> What you need to do
What needs transcribing is the line with "this 1288×966 image." and every line after it to the end of the records, exactly and alone, with no pictures.

> Saved entries
————

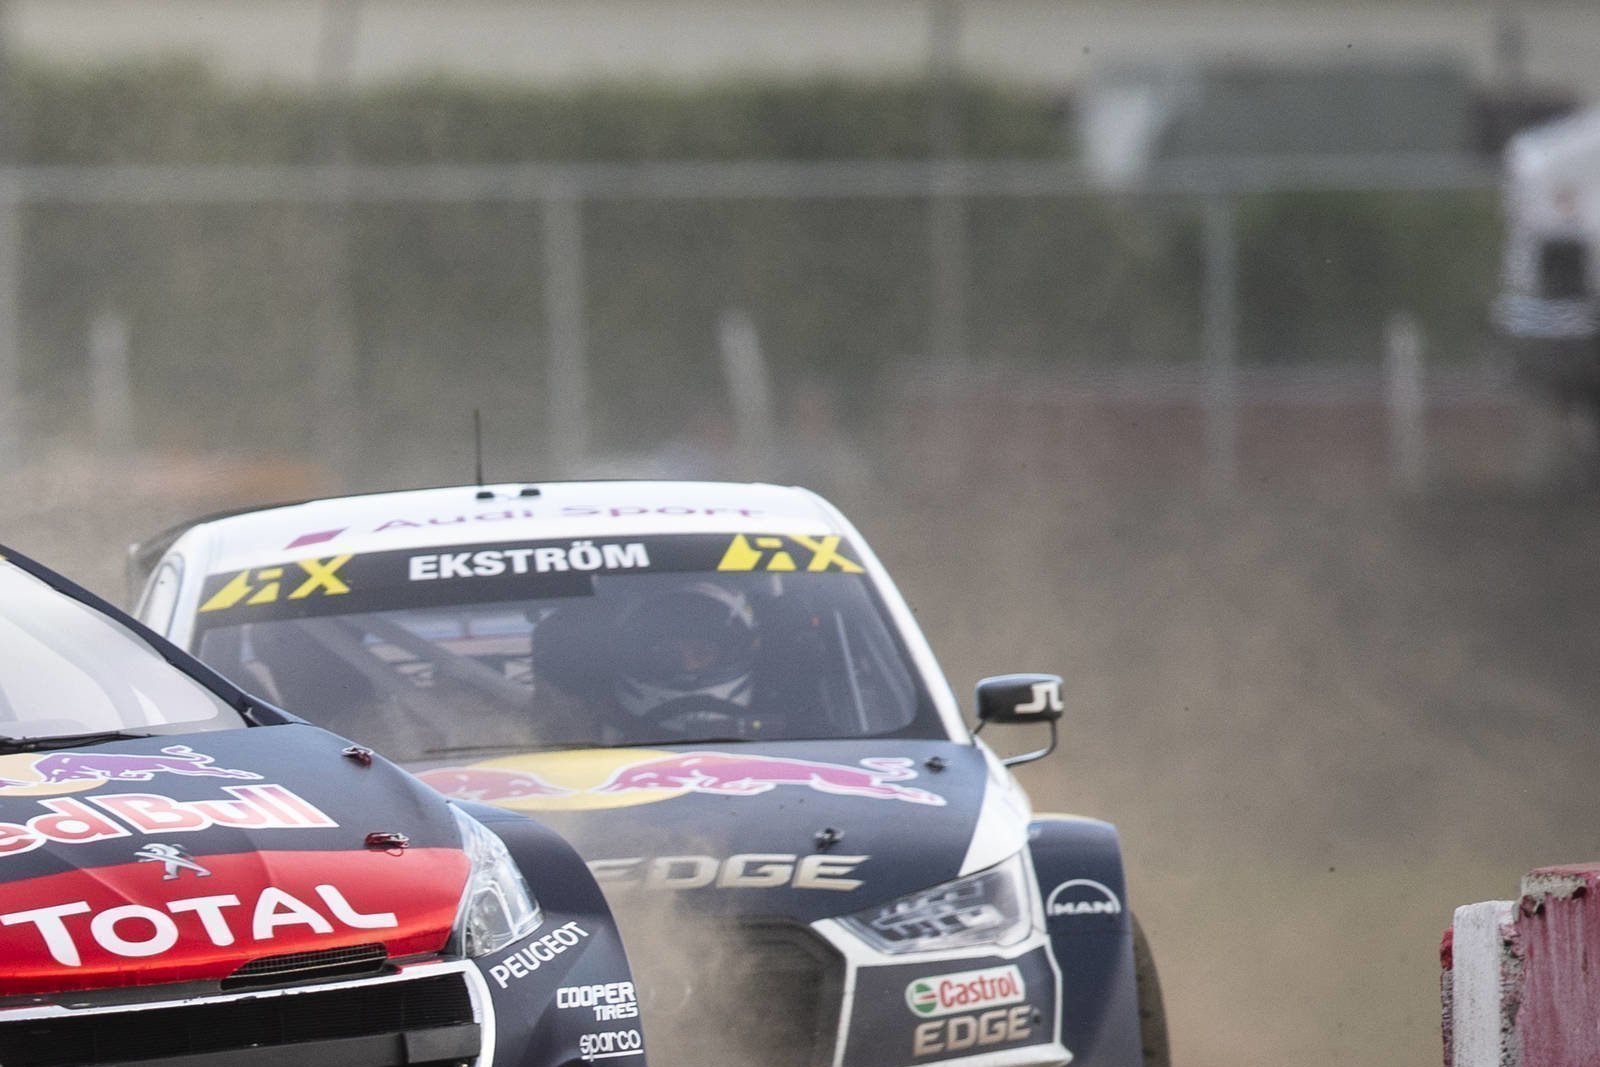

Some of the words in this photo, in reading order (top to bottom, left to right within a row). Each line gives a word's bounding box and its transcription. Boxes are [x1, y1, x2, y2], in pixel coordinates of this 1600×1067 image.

[409, 541, 650, 581] EKSTRÖM
[85, 784, 341, 835] Bull
[586, 853, 872, 892] EDGE
[489, 921, 590, 989] PEUGEOT
[556, 981, 637, 1009] COOPER
[939, 971, 1020, 1009] Castrol
[593, 1002, 639, 1021] TIRES
[913, 1003, 1033, 1058] EDGE
[579, 1029, 644, 1063] sparco
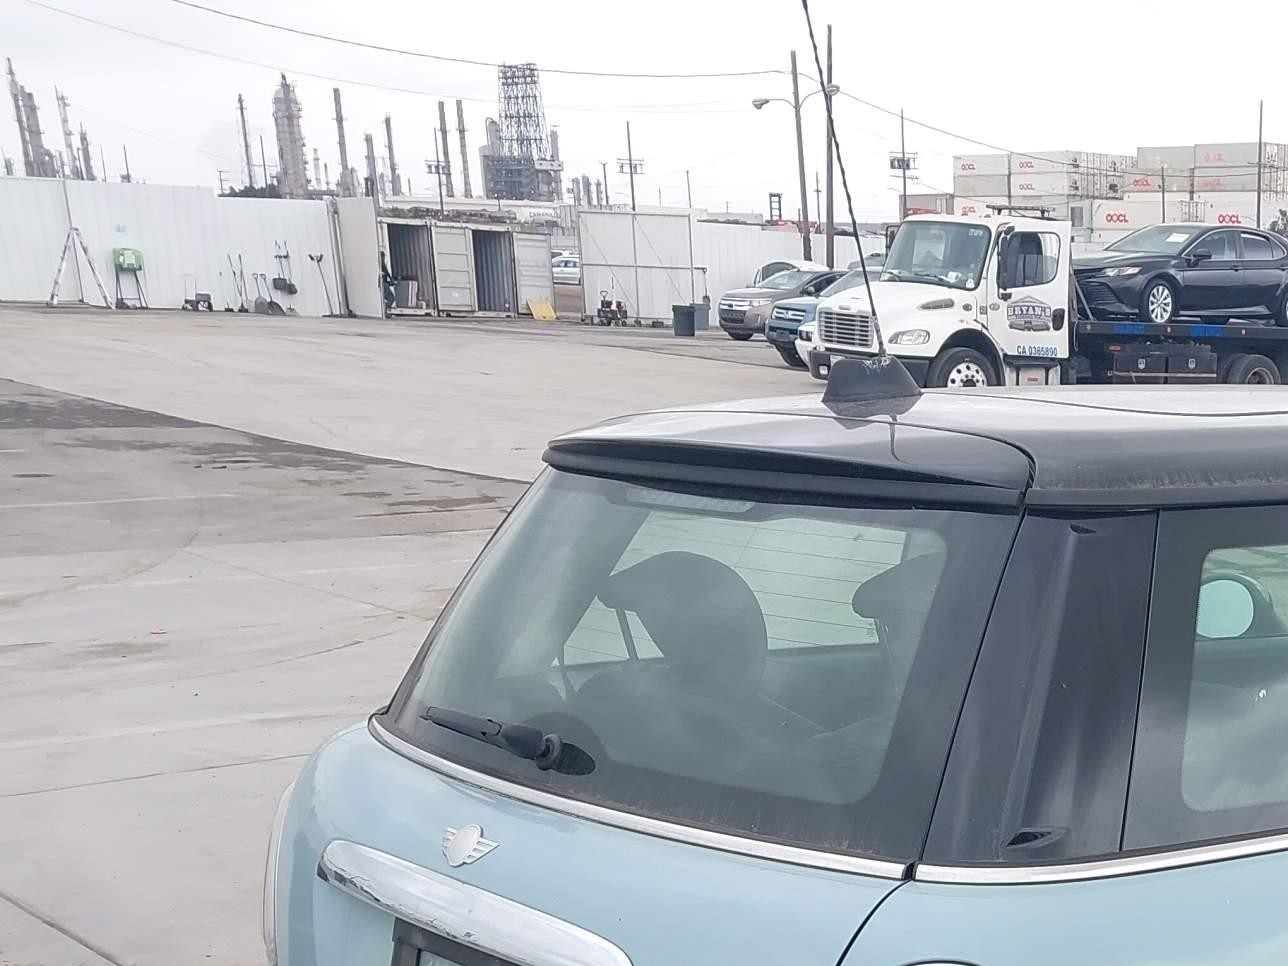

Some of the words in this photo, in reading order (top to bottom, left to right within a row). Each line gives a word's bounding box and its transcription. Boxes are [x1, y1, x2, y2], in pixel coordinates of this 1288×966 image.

[1106, 213, 1129, 223] OOCL
[1217, 214, 1242, 224] OOCL
[1016, 345, 1027, 355] CA
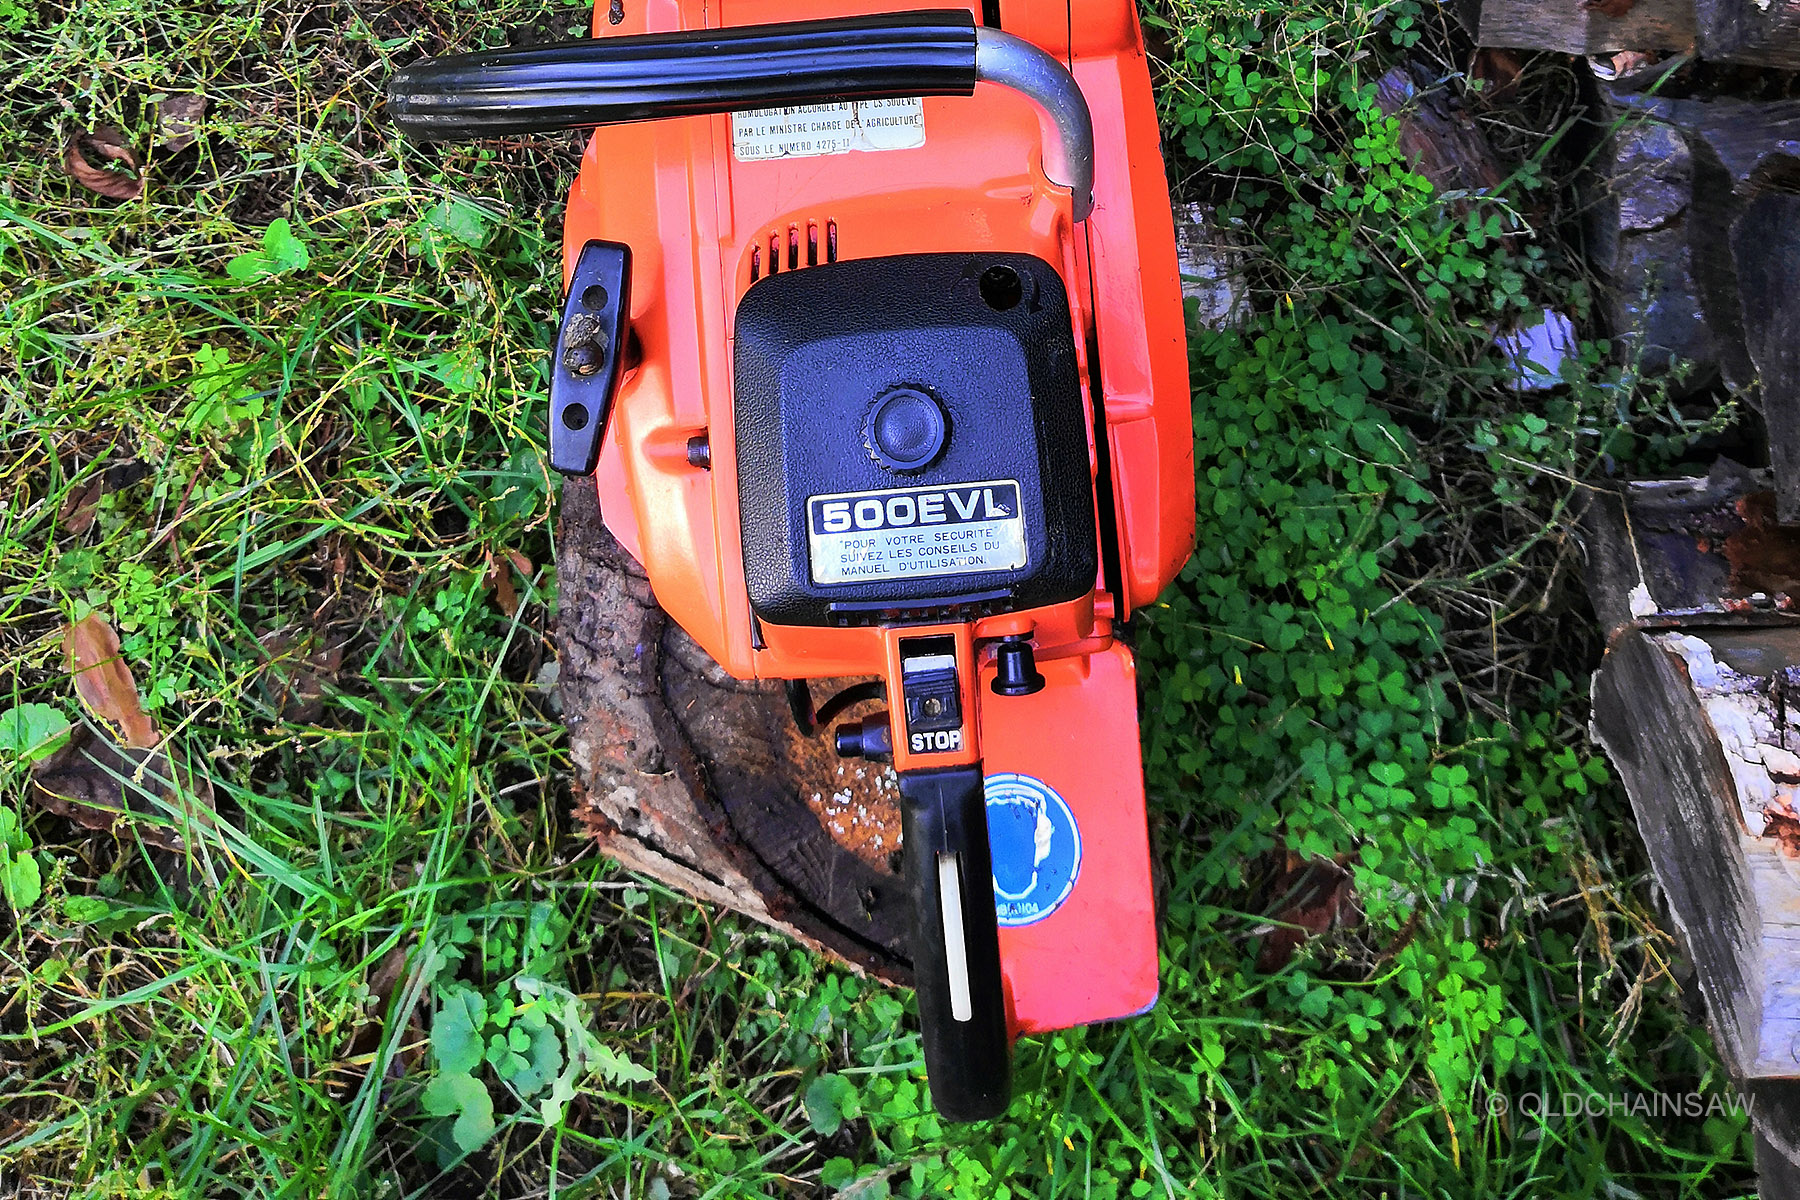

————

> Written reply
Some of the words in this photo, in reading order (top to bottom, left to right within a row). Each line gives a word's bounding box and its transcription. Boxes are [x1, y1, x2, y2], in pixel coordinates of this 1288×966 image.

[1106, 213, 1129, 223] OOCL
[1217, 214, 1242, 224] OOCL
[1016, 345, 1027, 355] CA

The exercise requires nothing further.